## Data extract
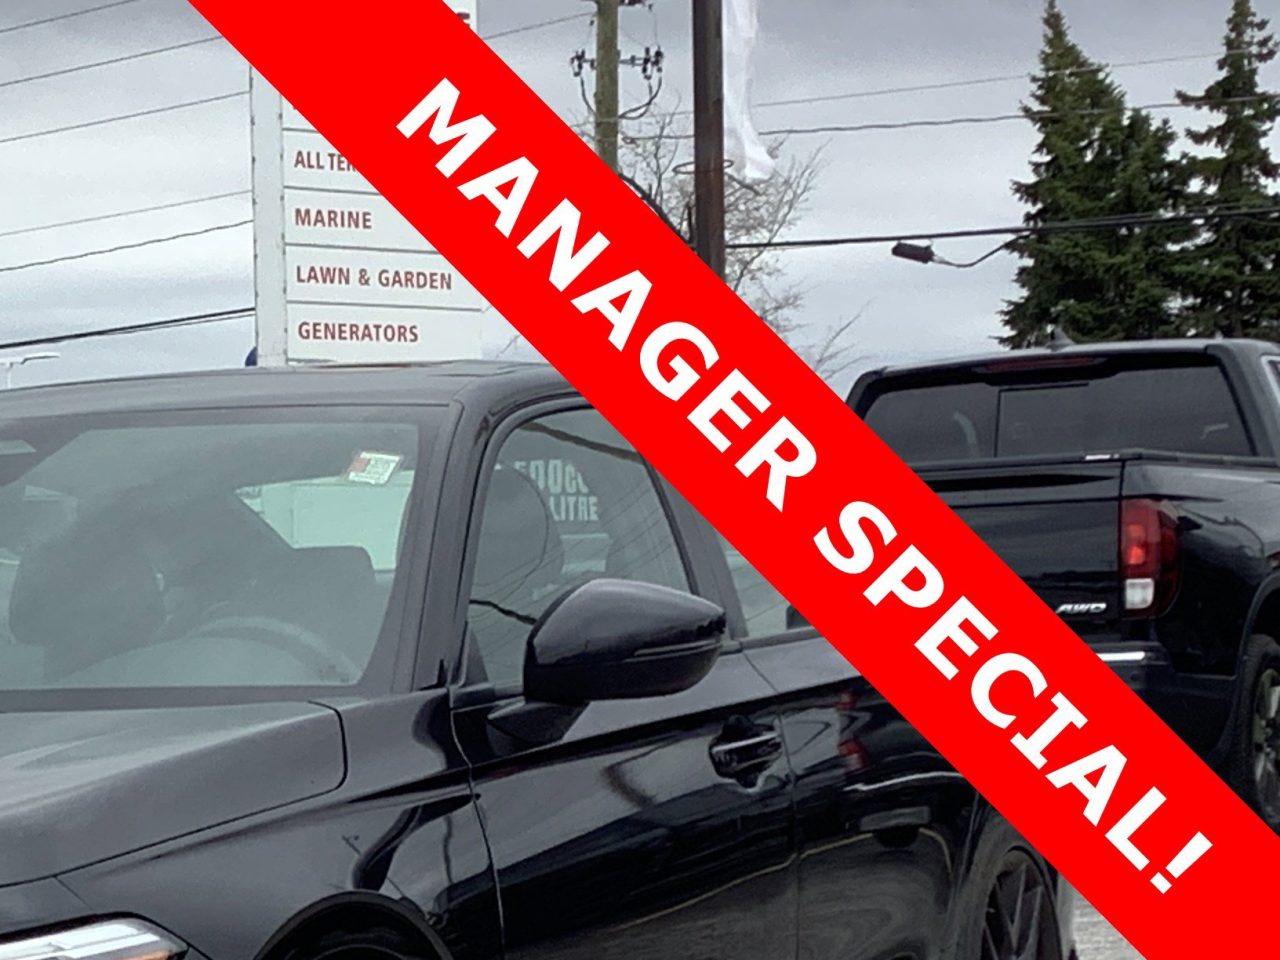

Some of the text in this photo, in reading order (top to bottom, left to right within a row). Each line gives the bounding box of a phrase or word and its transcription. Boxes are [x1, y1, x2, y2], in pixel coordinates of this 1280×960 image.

[294, 150, 324, 169] ALL
[295, 208, 372, 229] MARINE
[296, 265, 452, 290] LAWN & GARDEN
[298, 321, 419, 342] GENERATORS
[1056, 602, 1107, 613] AWD
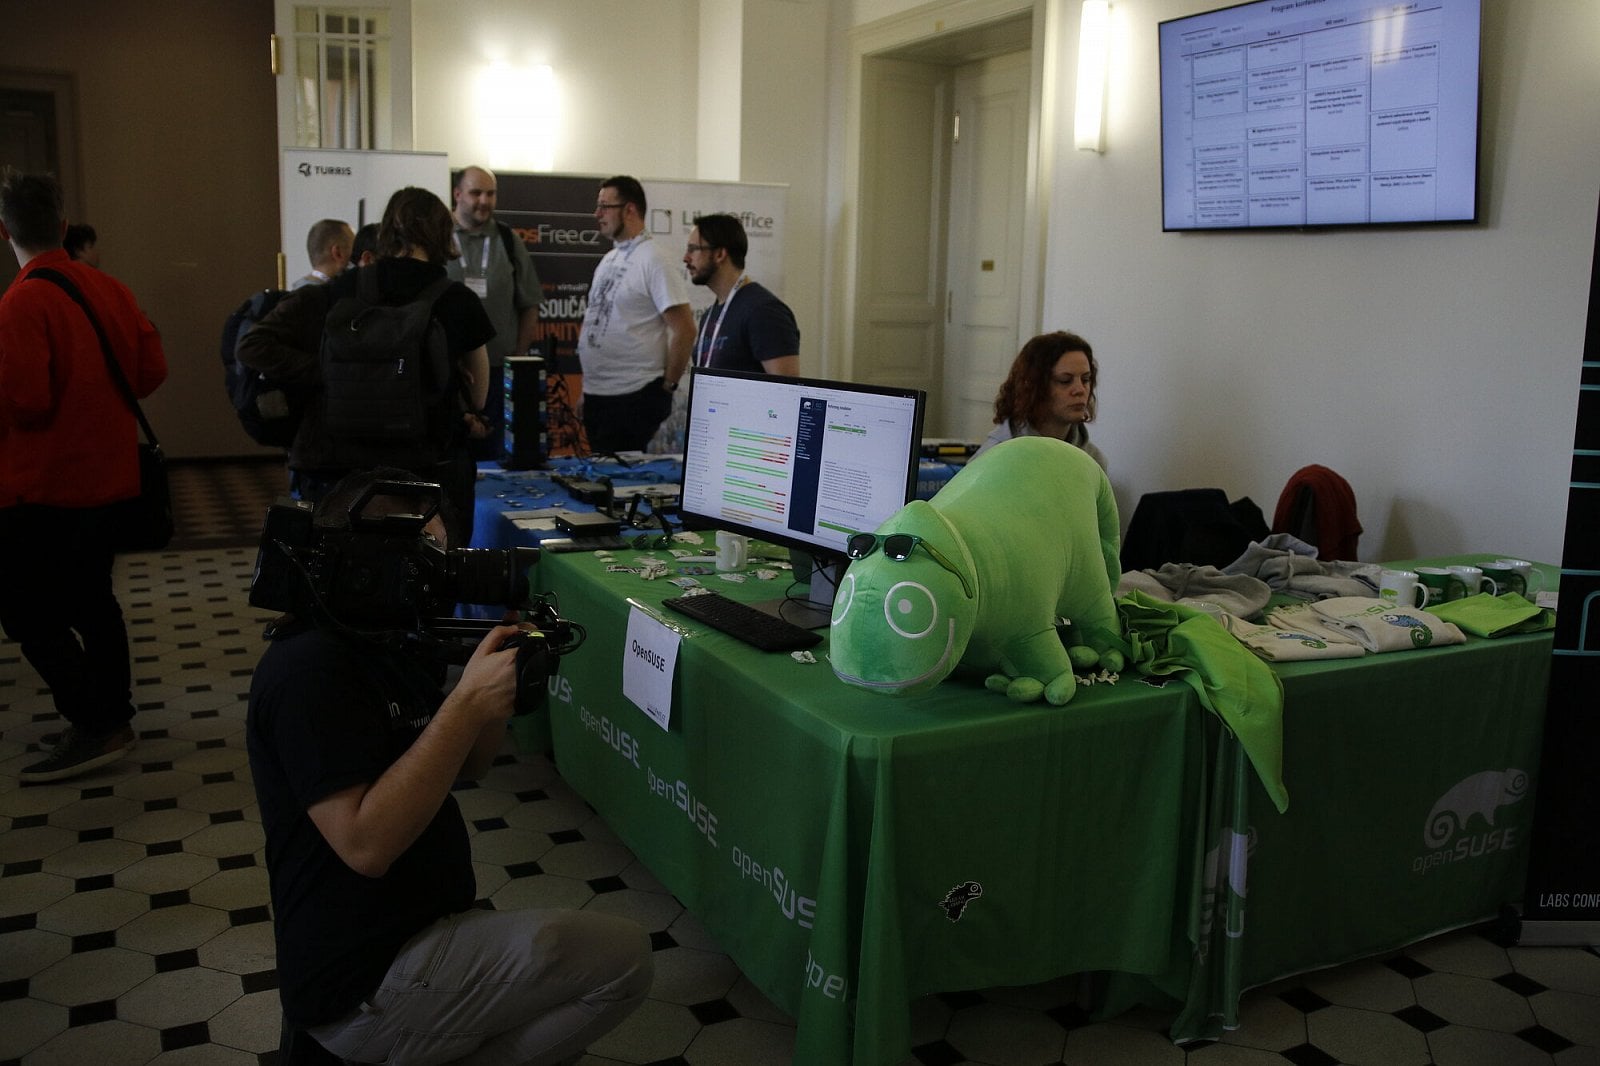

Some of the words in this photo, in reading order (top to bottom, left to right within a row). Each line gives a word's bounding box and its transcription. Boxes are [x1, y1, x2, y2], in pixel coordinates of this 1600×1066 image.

[315, 165, 352, 176] TURRIS
[632, 639, 665, 672] OpenSUSE
[580, 705, 640, 769] openSUSE
[1412, 827, 1517, 875] openSUSE
[1539, 893, 1570, 908] LABS

## Task goal
Reproduce the full listing above verbatim, with no pictures included.

## Task output
Some of the text in this photo, in reading order (top to bottom, left to right within a row). Each line gives the bounding box of a phrase or word and its transcription. Boxes are [x1, y1, x2, y2], in pixel coordinates of this 1280×960 image.

[294, 150, 324, 169] ALL
[295, 208, 372, 229] MARINE
[296, 265, 452, 290] LAWN & GARDEN
[298, 321, 419, 342] GENERATORS
[1056, 602, 1107, 613] AWD

Some of the words in this photo, in reading order (top to bottom, left to right within a row). Each line gives a word's bounding box and its transcription. Boxes are [x1, y1, x2, y2], in pixel coordinates of this 1600×1066 image.

[315, 165, 352, 176] TURRIS
[632, 639, 665, 672] OpenSUSE
[580, 705, 640, 769] openSUSE
[1412, 827, 1517, 875] openSUSE
[1539, 893, 1570, 908] LABS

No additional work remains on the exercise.